> **What to work on**
Reproduce every record below word for word and include no pictures.

(Beginning of Provided information)

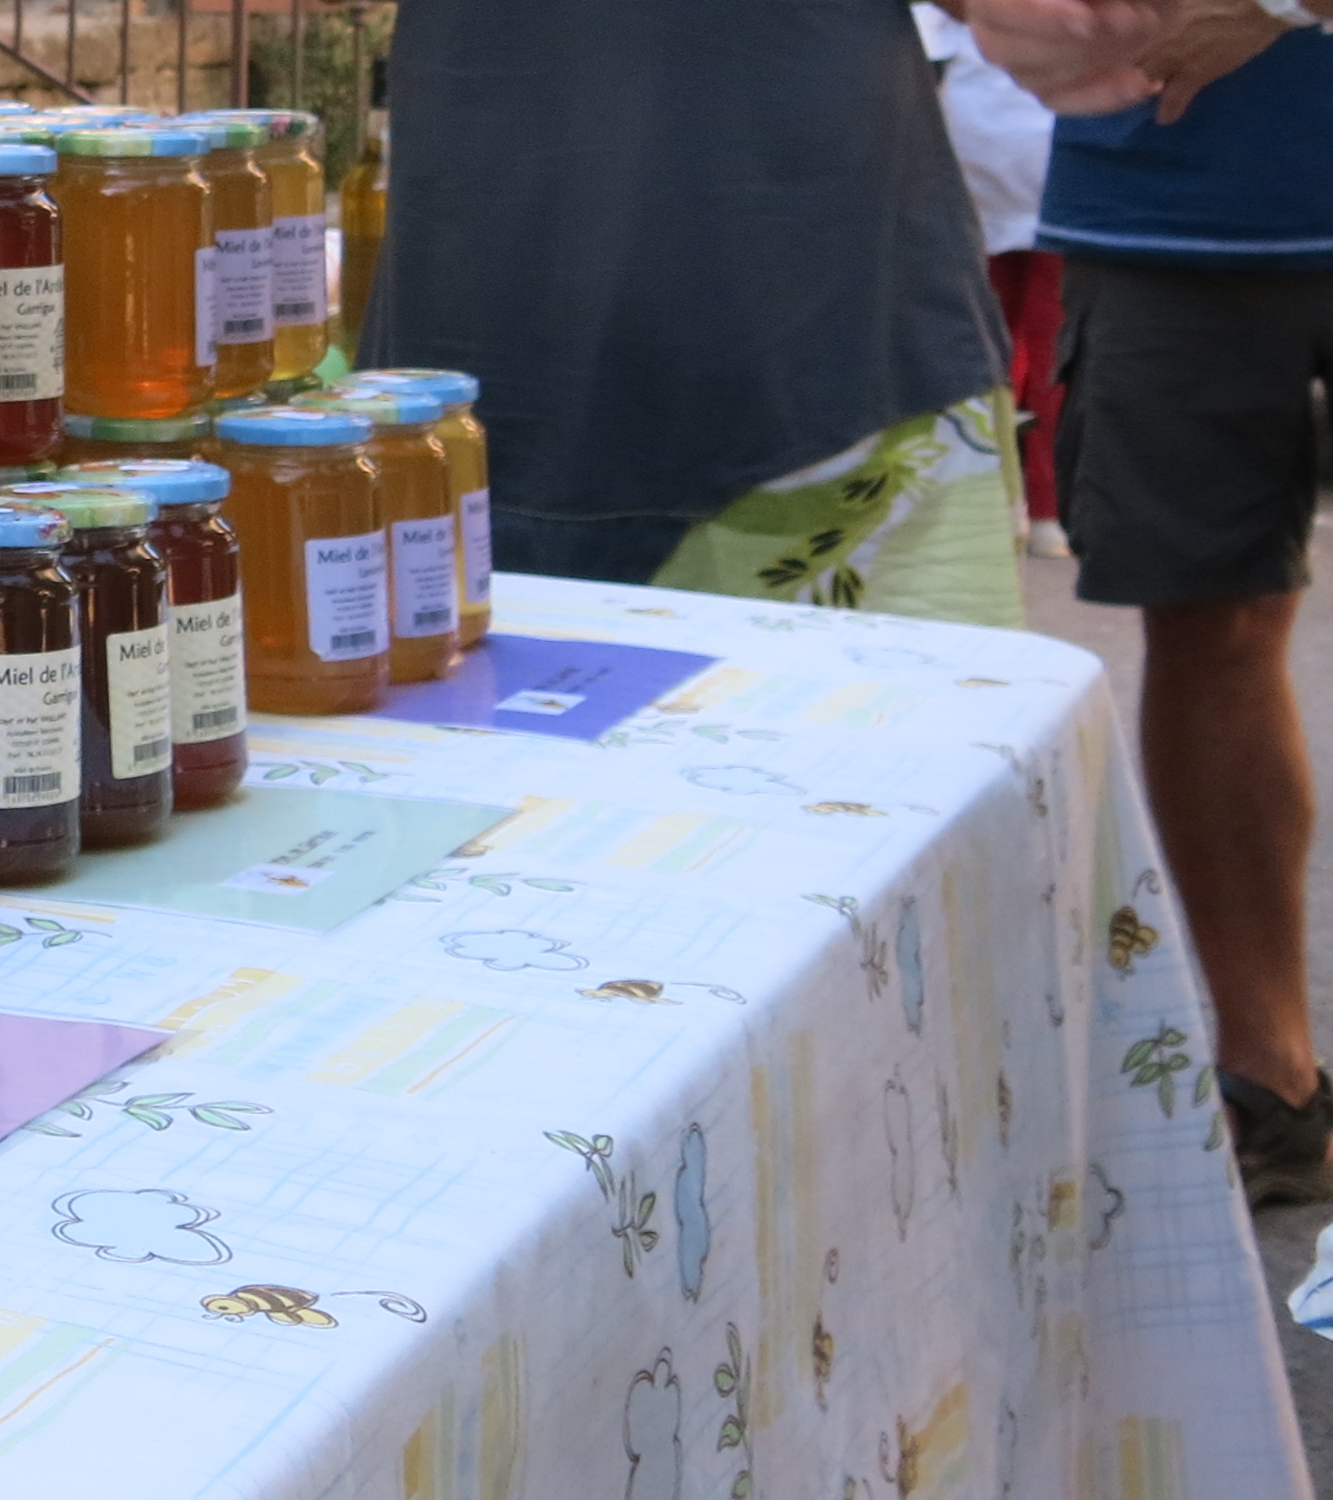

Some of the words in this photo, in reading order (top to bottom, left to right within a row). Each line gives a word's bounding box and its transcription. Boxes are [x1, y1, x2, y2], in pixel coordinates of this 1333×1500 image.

[14, 282, 31, 296] de
[176, 616, 212, 634] Miel
[217, 612, 231, 628] de
[120, 640, 152, 661] Miel
[40, 665, 57, 683] de
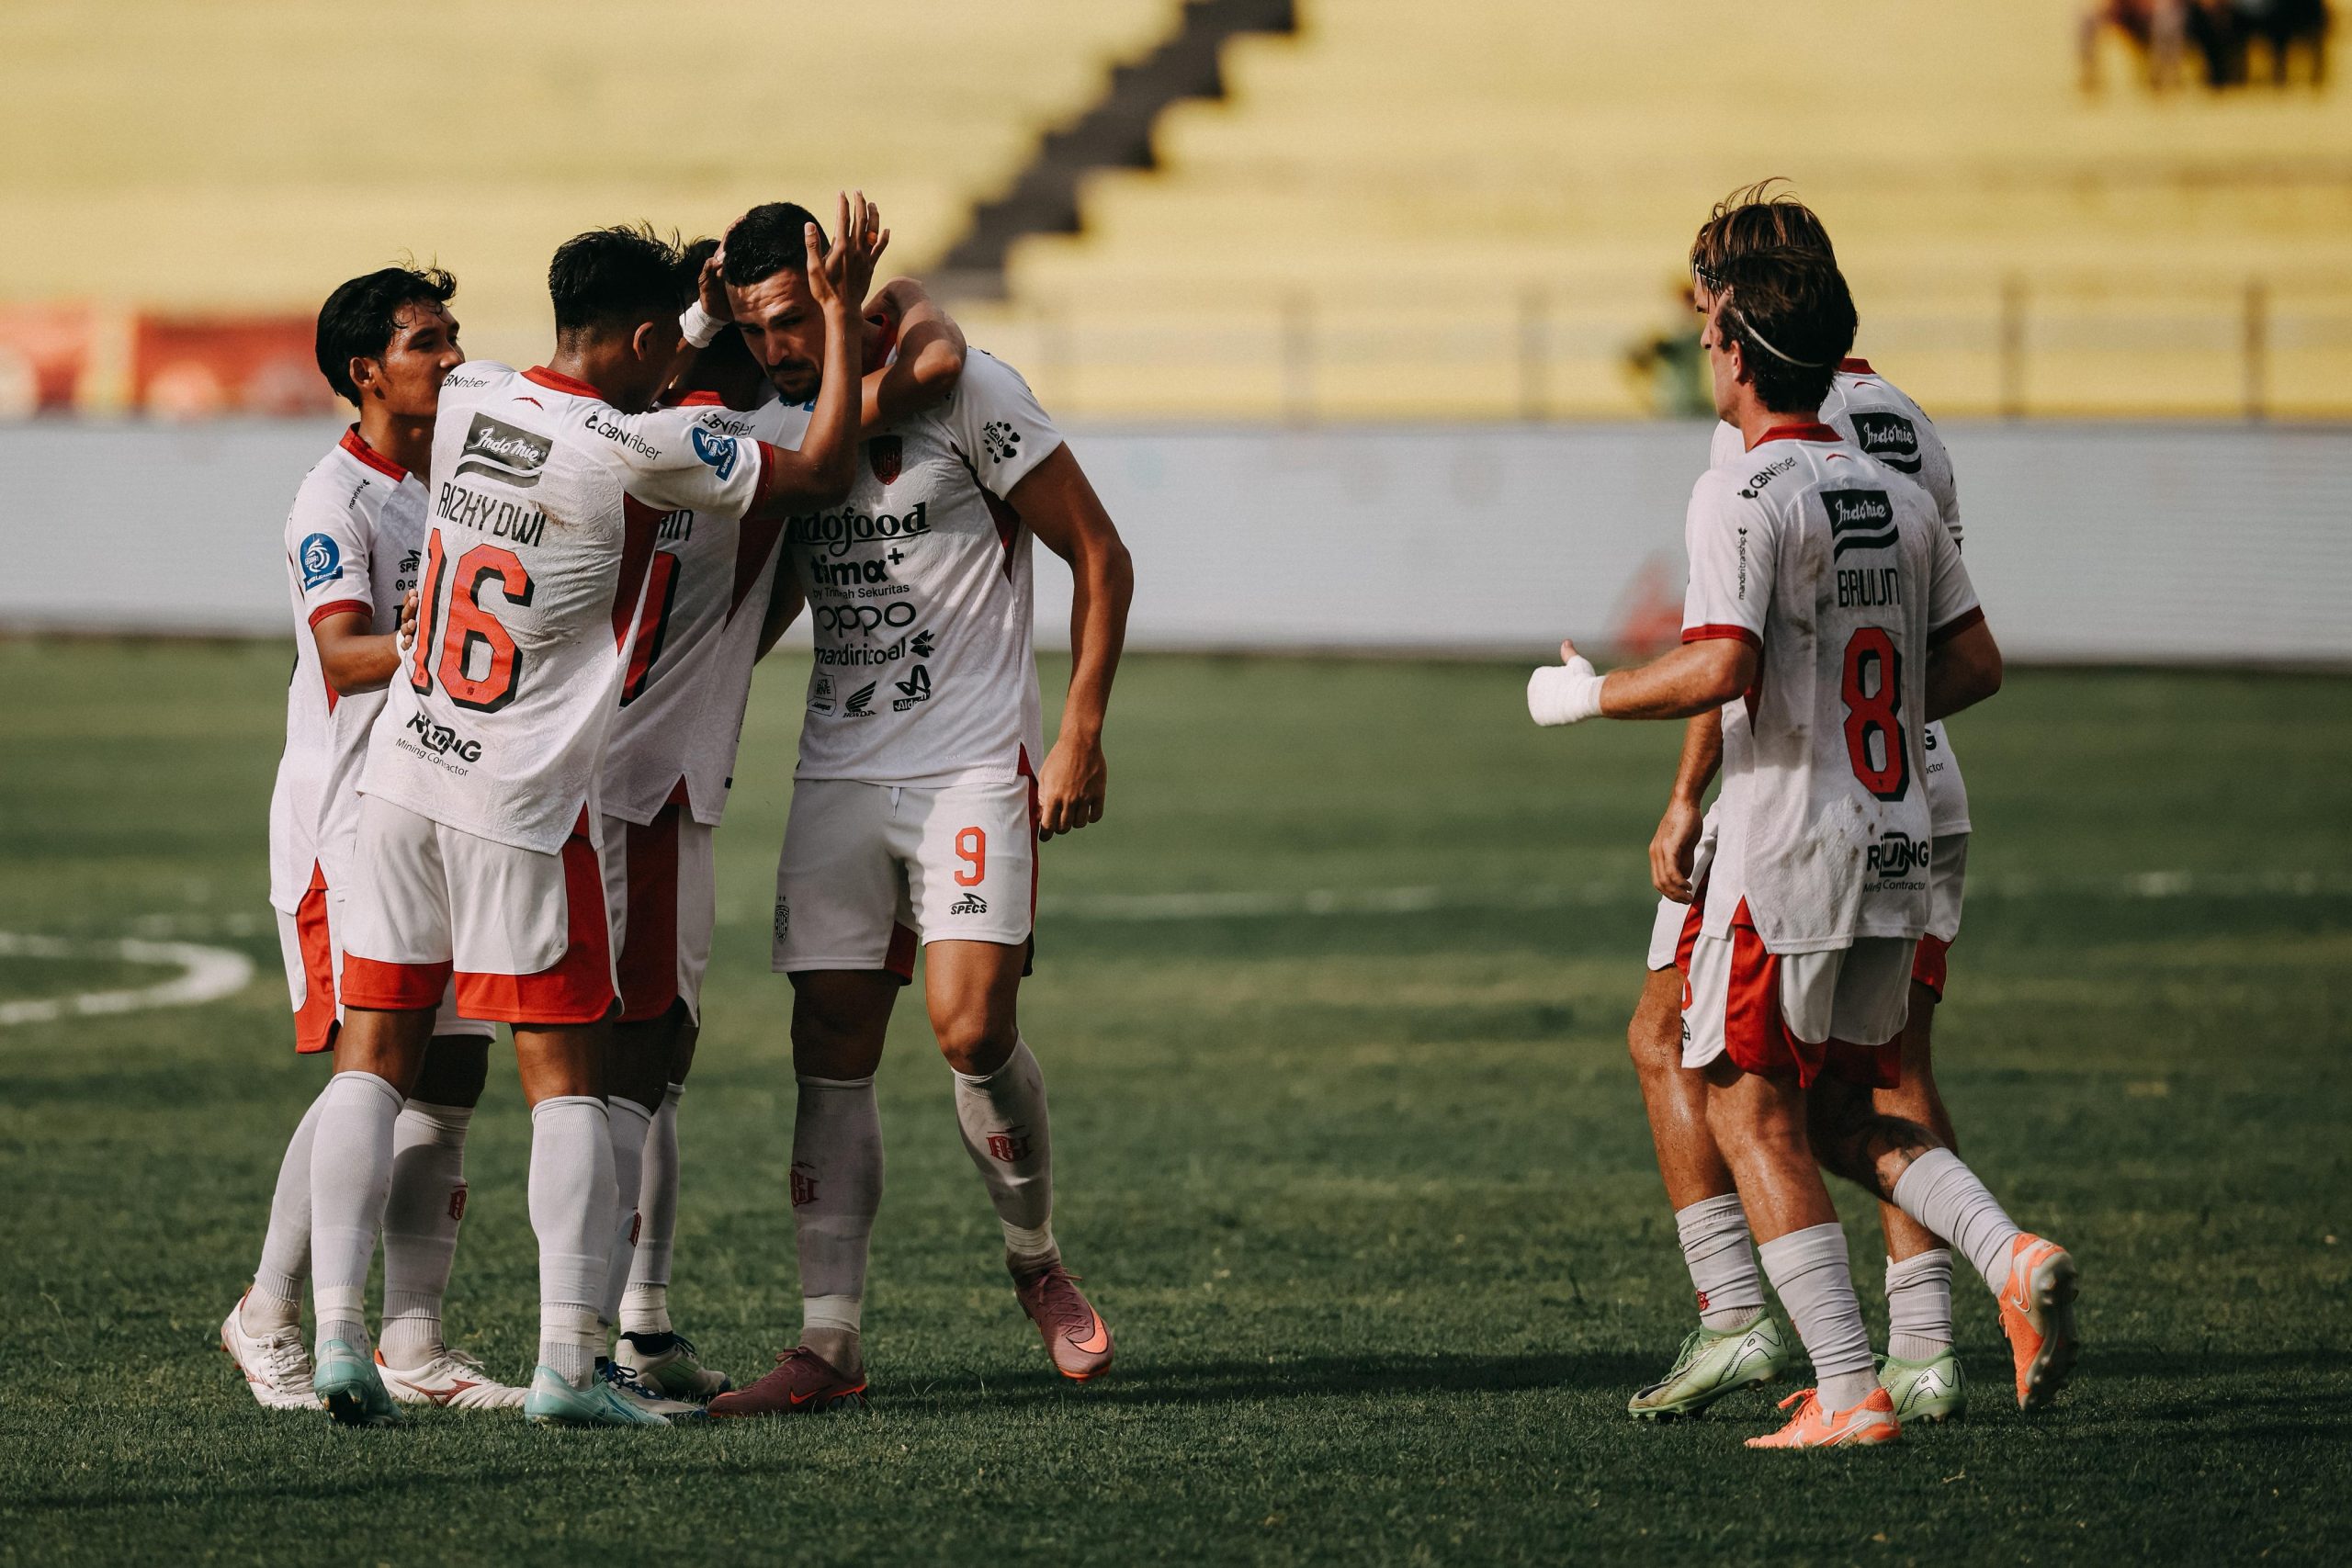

(End of Provided information)

> **Exercise output**
Some of the words in this photo, in reading order (top to bottom, left to right within a row). Each line gives a word's bounding box and its transcription. Boxes are [x1, y1, x2, y2], in pixel coordinates of this 1333×1500 image.

[14, 282, 31, 296] de
[176, 616, 212, 634] Miel
[217, 612, 231, 628] de
[120, 640, 152, 661] Miel
[40, 665, 57, 683] de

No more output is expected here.